Existe una tendencia a creer que entrenar el músculo pectoral puede hacer sufrir el pecho o provocar que disminuya o aumente su tamaño. ¿Es realmente verdad? Aunque lo hayas oído una y otra vez, no es cierto. Las glándulas mamarias se diferencian del músculo pectoral y no pueden afectarse a causa de este entrenamiento.

Precisamente, lo que puede suceder es lo contrario y hacer que el pecho se vea más esbelto y firme, ya que los pectorales sujetan el pecho.

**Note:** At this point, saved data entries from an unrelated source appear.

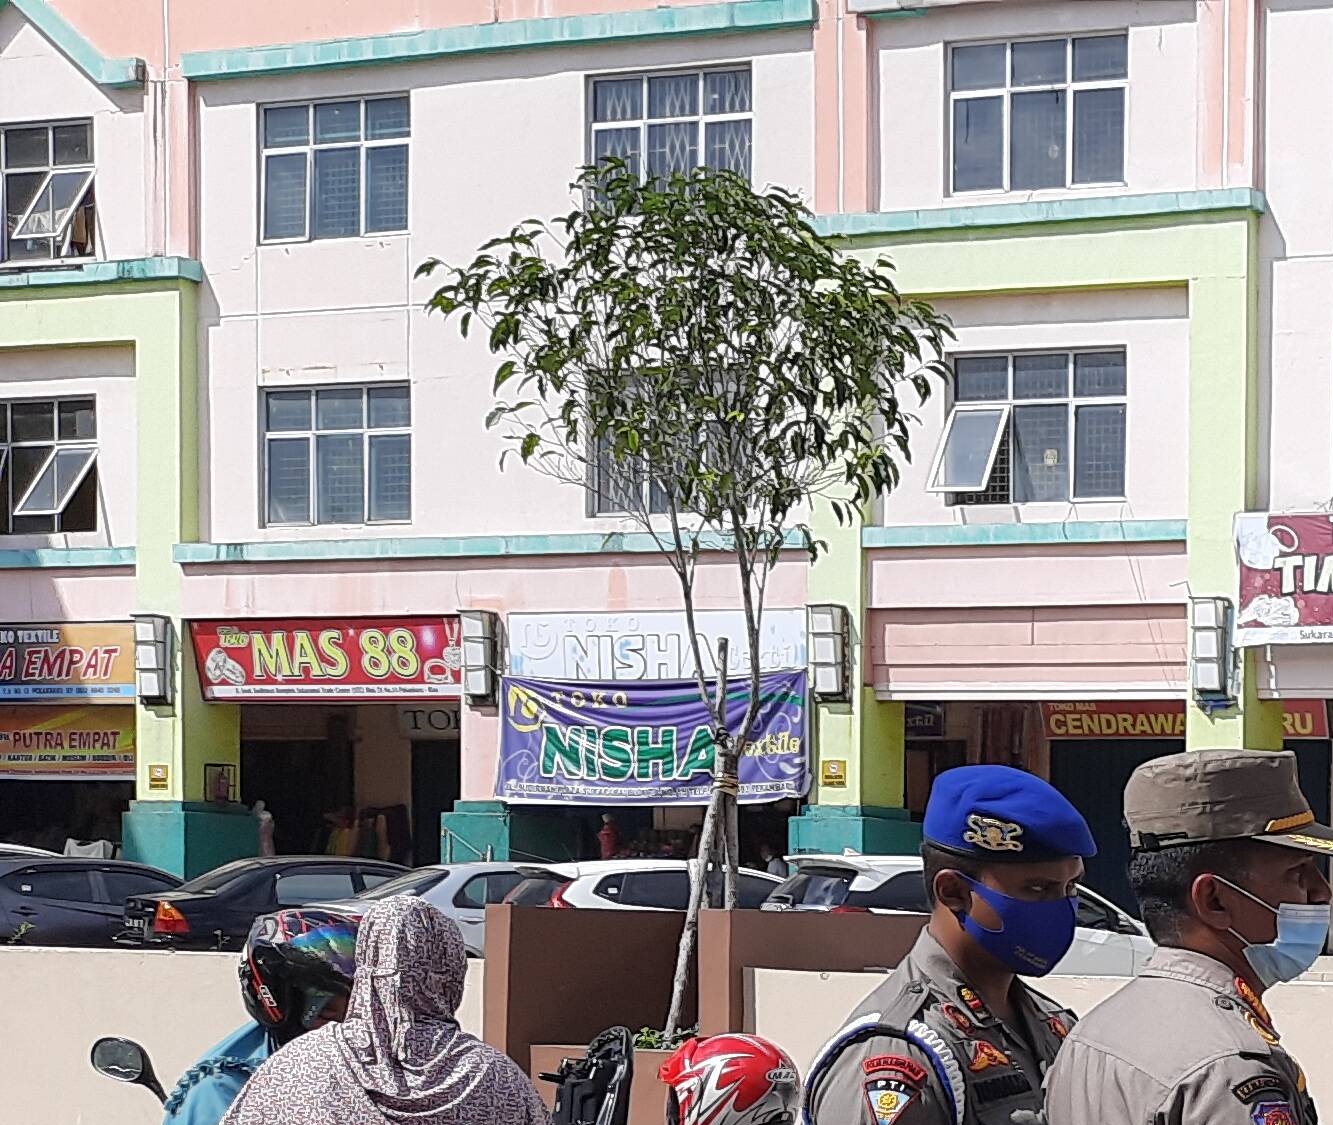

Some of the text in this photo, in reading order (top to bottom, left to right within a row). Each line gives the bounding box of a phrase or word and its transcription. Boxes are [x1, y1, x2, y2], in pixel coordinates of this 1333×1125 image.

[0, 629, 60, 644] KO TEXTILE
[22, 646, 121, 681] EMPAT
[249, 626, 421, 680] MAS 88
[562, 633, 720, 680] NISHA
[551, 690, 628, 708] TOKO
[1048, 712, 1314, 737] CENDRAWA RU
[12, 731, 65, 751] PUTRA
[68, 731, 121, 750] EMPAT
[539, 724, 801, 782] NISHA extile

Así que contra más los trabajemos, más tonificados estarán y más sujeto quedará el pecho. Asimismo, también se reducen los dolores de espalda porque ayuda a mantener una correcta postura corporal.

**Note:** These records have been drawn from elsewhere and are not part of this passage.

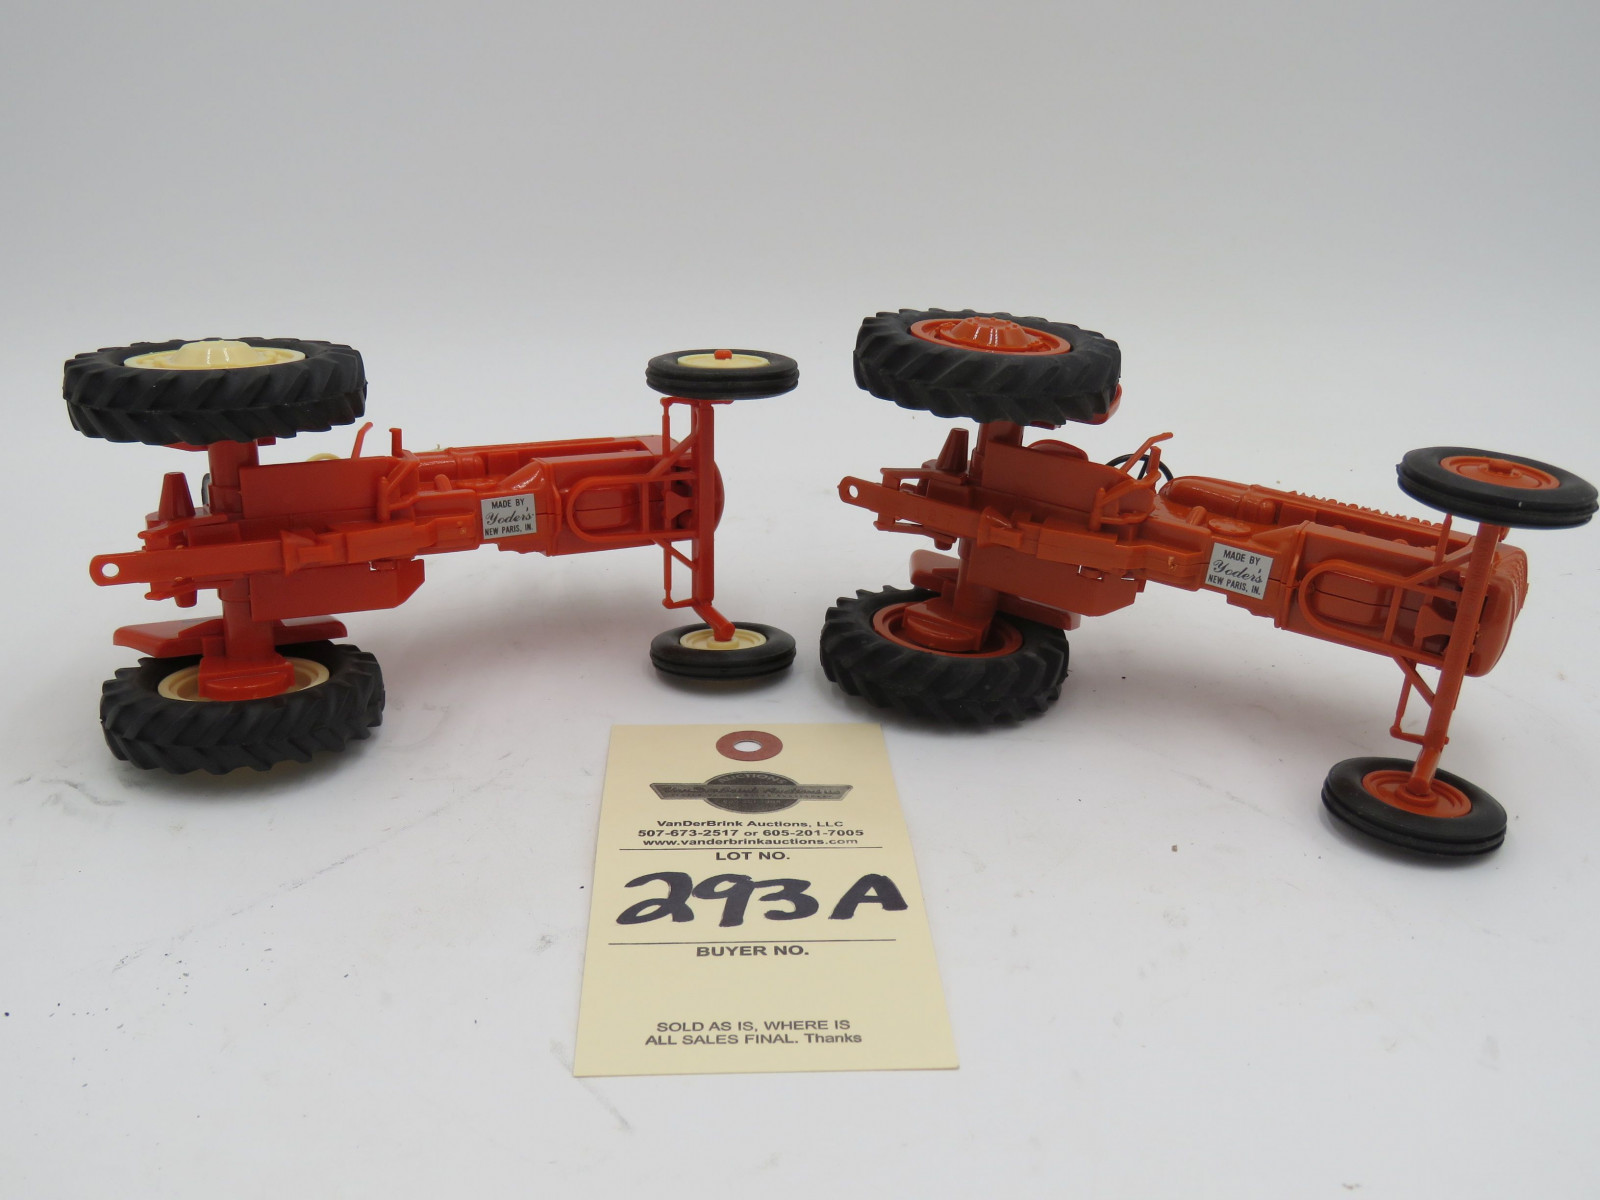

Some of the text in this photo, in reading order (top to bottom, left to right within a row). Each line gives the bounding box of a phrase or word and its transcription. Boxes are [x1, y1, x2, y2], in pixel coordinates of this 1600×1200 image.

[491, 498, 525, 509] MADE BY
[484, 527, 499, 536] NEW
[1223, 549, 1261, 566] MADE BY
[1213, 559, 1263, 583] Yoder's
[1208, 574, 1224, 586] NEW
[1226, 578, 1248, 592] PARIS,
[657, 820, 743, 828] VanDerBrink
[817, 820, 844, 828] LLC
[638, 829, 739, 837] 507-673-2517
[762, 829, 864, 837] 605-201-7005
[643, 837, 858, 847] www.vanderbrinkauctions.com
[715, 851, 790, 861] LOT NO.
[696, 945, 809, 957] BUYER NO.
[656, 1020, 850, 1034] SOLD AS IS, WHERE IS
[645, 1033, 863, 1046] ALL SALES FINAL. Thanks
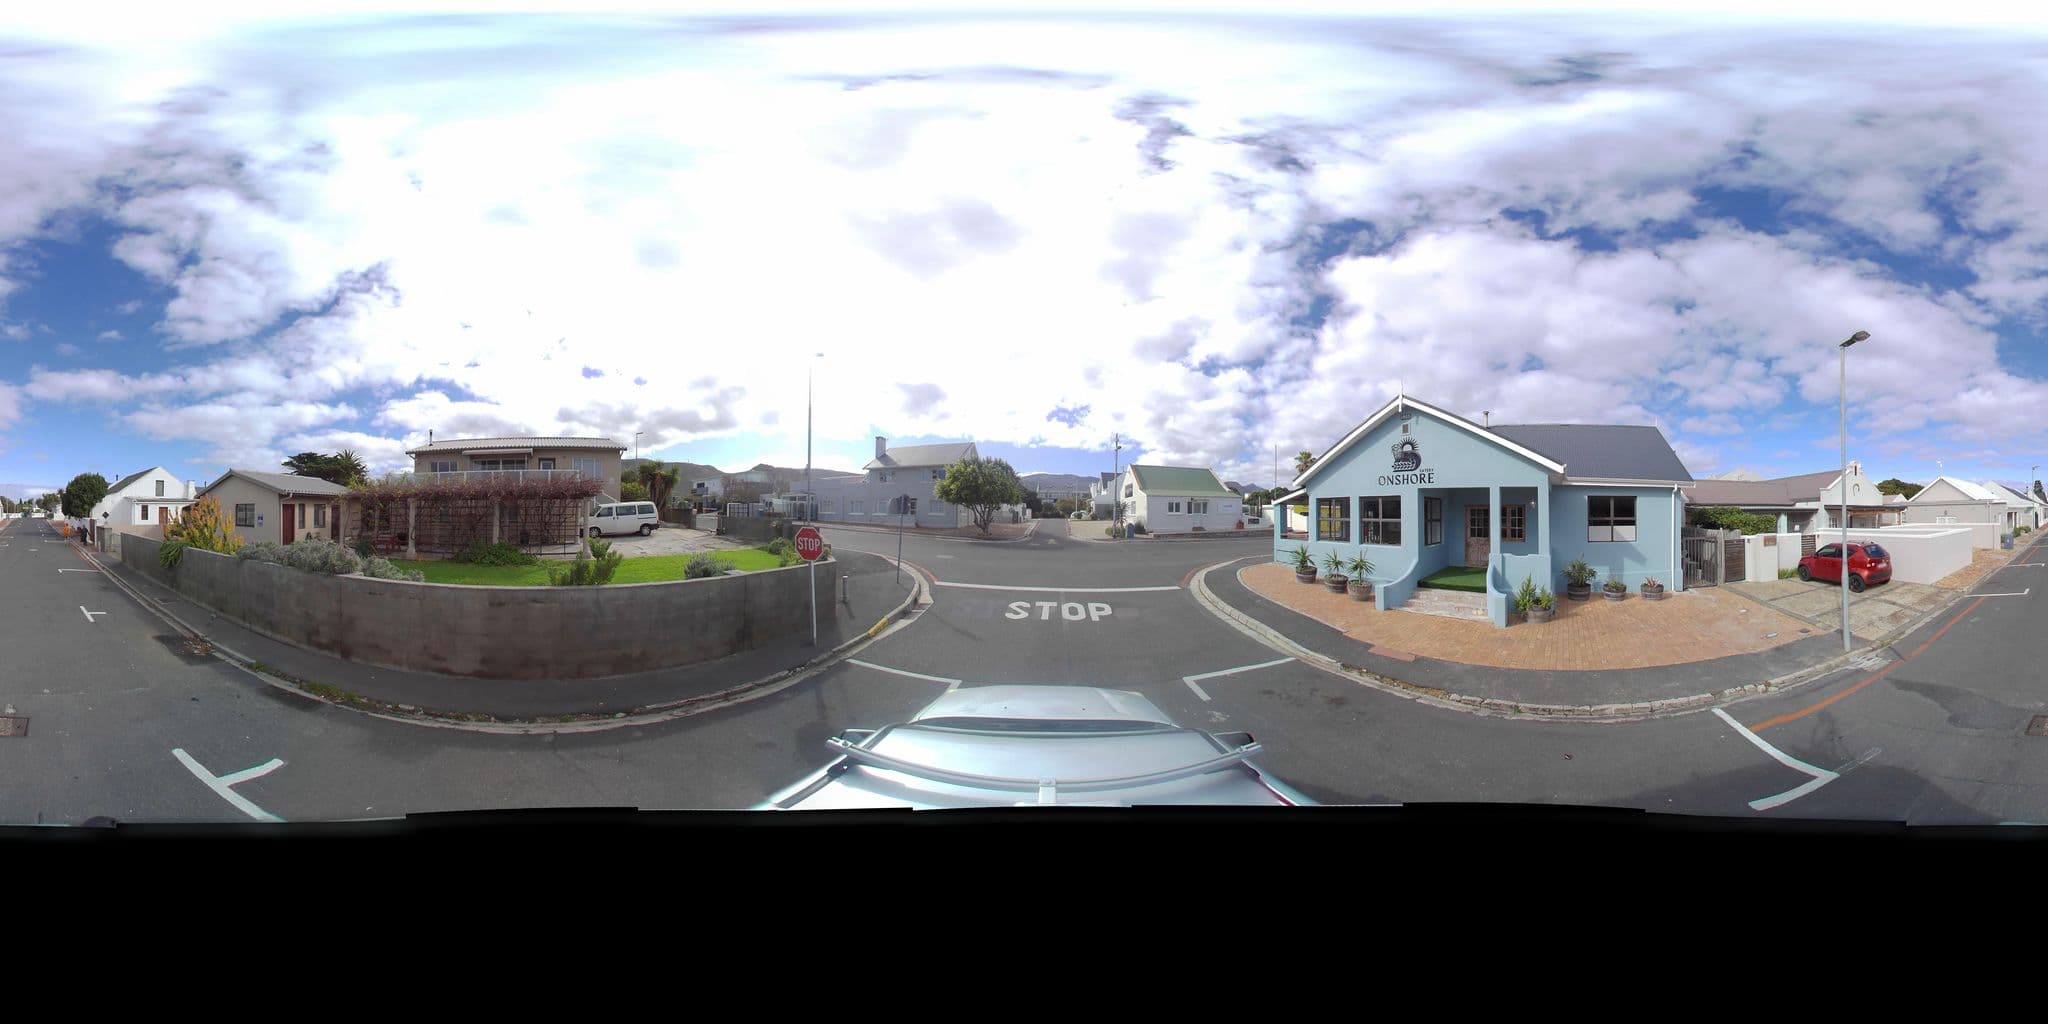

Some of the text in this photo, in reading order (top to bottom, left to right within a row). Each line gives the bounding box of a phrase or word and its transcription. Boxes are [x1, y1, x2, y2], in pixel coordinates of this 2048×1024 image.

[1378, 473, 1434, 486] ONSHORE
[798, 537, 820, 551] STOP
[1005, 601, 1112, 621] STOP

Ejercicios para el entrenamiento de pecho

Incluir los ejercicios de pectorales en tu rutina de entrenamiento te ofrecerá valiosos beneficios tanto estéticamente como en tu salud.

Press de pecho

Para realizar este ejercicio hay que tumbarse sobre el suelo, un banco u otra superficie con los pies apoyados en el suelo. Seguidamente, sujetando una mancuerna en cada mano o una barra de musculación cargada con pesas, se deben extender los brazos hacia arriba sin despegar los hombros de la superficie. Tras la extensión, debes volver a bajarlos. Durante todo el movimiento, las manos deben quedar en perpendicular con los codos. Contra más juntos estén los codos del tronco, más efectivo será el ejercicio.

Pull over

Tumbada sobre una superficie y con los pies apoyados sobre el suelo, debemos coger una mancuerna con cada mano o con ambas y extender los brazos verticalmente sobre el pecho para bajarlos y llevarlos por hasta detrás de la cabeza, flexionando ligeramente los codos. En este caso, los hombros tampoco pueden despegarse de la superficie.

Aperturas con mancuernas

Hay que tumbarse sobre una superficie, preferiblemente un banco, con mancuernas en cada mano. Debemos mantener los brazos levemente flexionados en vertical al cuerpo y sobre el pecho, para proseguir separando los brazos del cuerpo hasta alcanzar la altura de los hombros y llevando los codos por debajo de estos. Siempre con los brazos alineados entre sí y en perpendicular al cuerpo. Al acabar con el movimiento, volvemos a situar los brazos al centro del cuerpo con las mancuernas por encima del pecho y, seguidamente, volvemos a realizar el primer movimiento.

Push up

Para iniciar el ejercicio debemos colocarnos en posición de plancha, con las manos por debajo de los hombros y los brazos estirados. Seguidamente, hay bajar el cuerpo, flexionando los codos, hasta tumbarnos en el suelo. Llegados a este punto, ya solo queda empujar contra el suelo para recuperar la posición inicial y repetirlo tantas veces como queramos.